“But I see them! They are down there by that car, now. Do you see? O, I’m watching them! They’ll be sharp if they take me alive!”
The terminus of the Market Street and West Philadelphia horse railway is at the building then used as a hospital, and a car arrived and departed every forty minutes till eleven o’clock. At this time, there was one standing some fifty yards from the building, awaiting its time to depart for the depot in West Philadelphia.
“Yes, I do see them now,” I said, thinking it better to humor him; “but it is very plain they have concluded you are not here, for they are getting on that car to leave.”
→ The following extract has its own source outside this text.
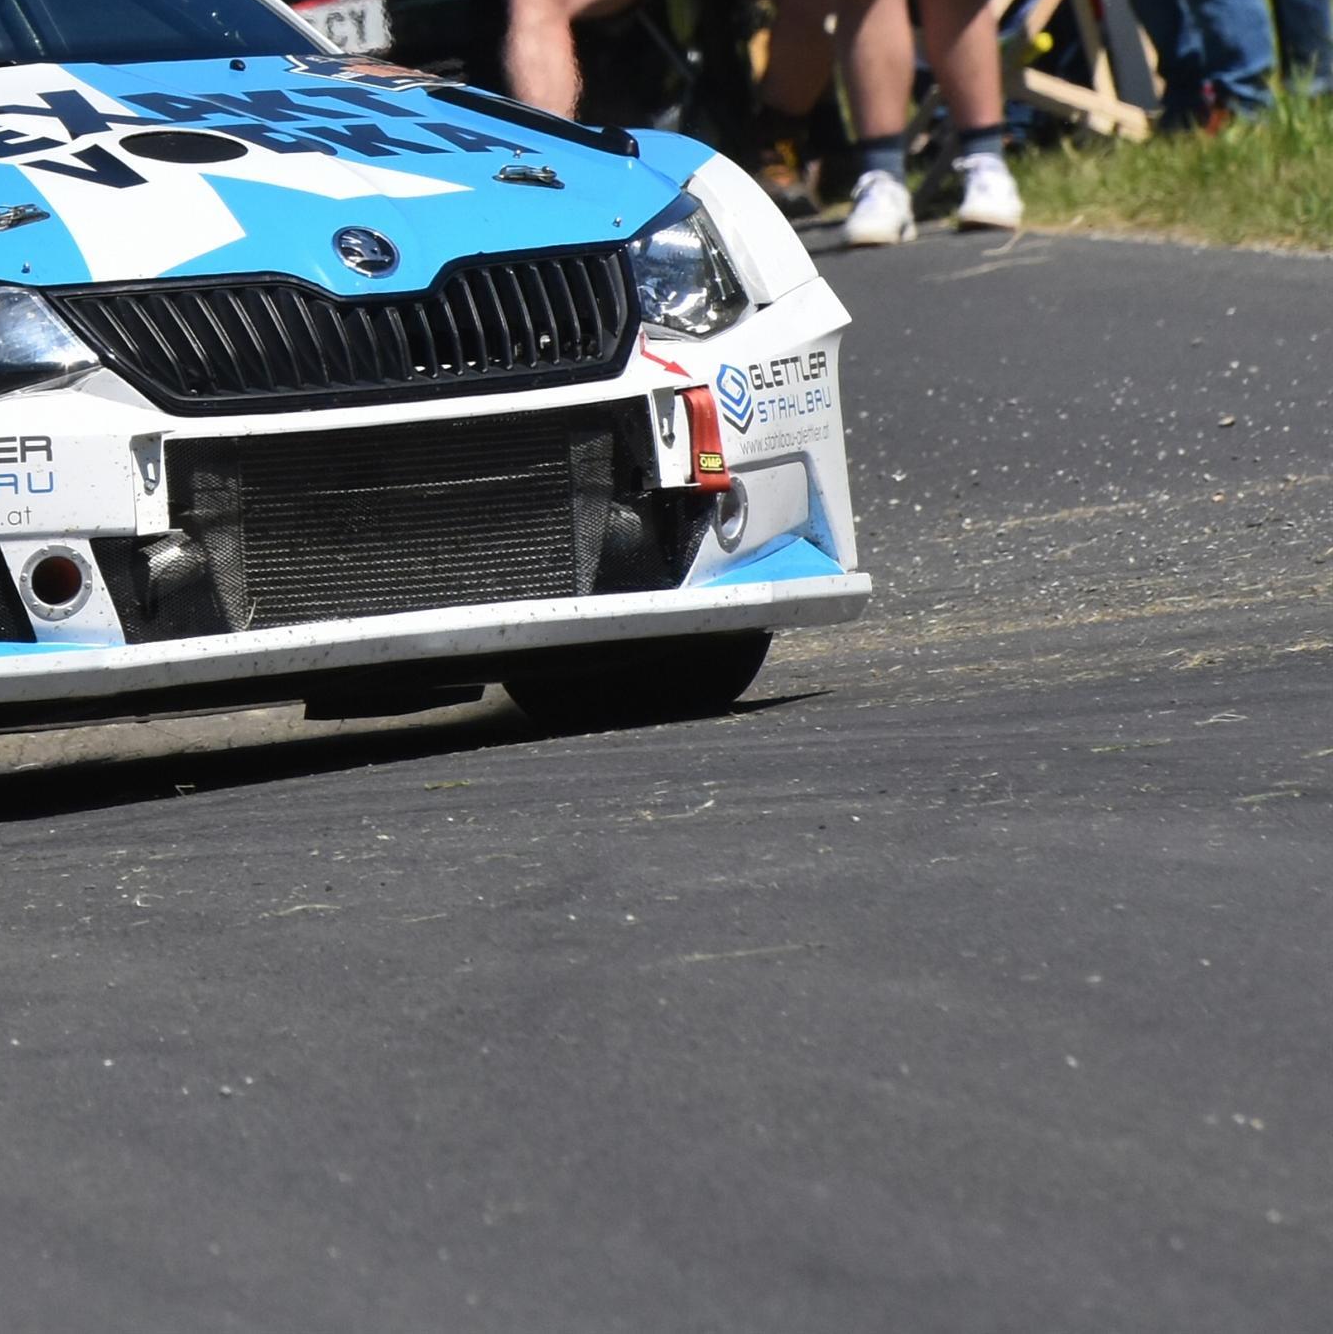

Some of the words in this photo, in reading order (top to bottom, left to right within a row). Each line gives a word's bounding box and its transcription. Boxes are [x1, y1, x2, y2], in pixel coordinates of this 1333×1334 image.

“O, I know their tricks!” he replied, quickly. “They only want to make me think they are gone, so that I will go to sleep, and they can come and take me easily. But they don’t catch me that way! I should think not! Ha! Ha! Ha!”
“Really, Thomas,” said I, persuasively, “I believe they intend to go. Go to bed, and I will watch for you. If they do not leave on that car when it goes, and offer to come this way, I will wake you and tell you. Depend on me.”
“Will you?”
“Yes, indeed I will. Lie down.”
“I will, then; but, mind, don’t let ’em get near. They’re sly as foxes. Watch ’em.”
“Don’t fear,” I replied. “Go to bed, and I will wake you in good time if I see them coming.”
Thereupon Thomas, who was a large strong man of thirty years, returned somewhat reluctantly to his bed, while some of the other boys of the “ward” began to wake up, and swear moderately because their slumbers had been disturbed. The murmur soon subsided, however, Thomas seemed to sleep, all grew quiet, and I lay down again.